*WHAT THE TASK REQUIRES*:
Without the pictures, set down every line of the data exactly.

[Annotated photo localization data]

_ _ _ _

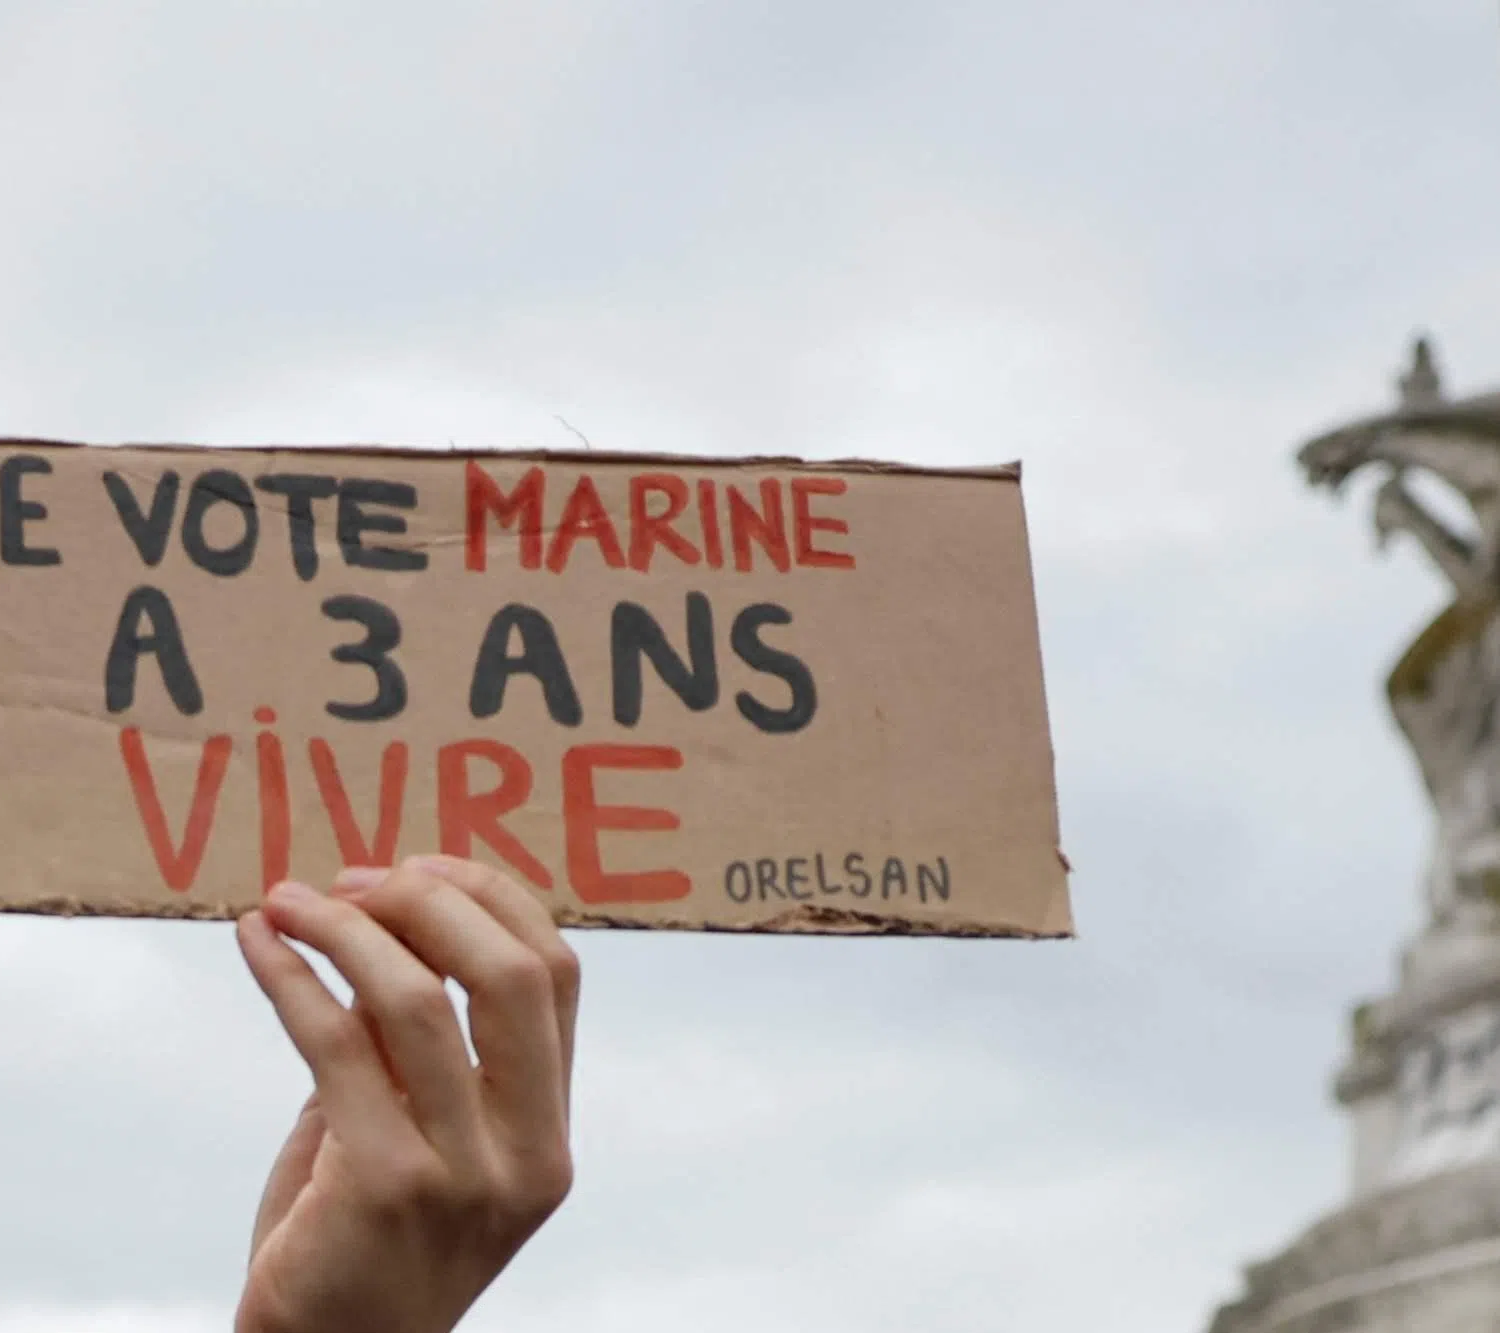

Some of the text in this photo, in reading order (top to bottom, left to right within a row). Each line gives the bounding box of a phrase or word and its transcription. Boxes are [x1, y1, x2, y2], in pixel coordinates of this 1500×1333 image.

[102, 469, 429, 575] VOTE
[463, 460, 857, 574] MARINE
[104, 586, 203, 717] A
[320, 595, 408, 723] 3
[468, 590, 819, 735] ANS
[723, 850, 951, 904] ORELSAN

_ _ _ _

*SOLVED PROBLEM*:
Some of the text in this photo, in reading order (top to bottom, left to right within a row). Each line gives the bounding box of a phrase or word and its transcription. Boxes are [x1, y1, x2, y2], in pixel coordinates of this 1500×1333 image.

[102, 469, 429, 575] VOTE
[463, 460, 857, 574] MARINE
[104, 586, 203, 717] A
[320, 595, 408, 723] 3
[468, 590, 819, 735] ANS
[723, 850, 951, 904] ORELSAN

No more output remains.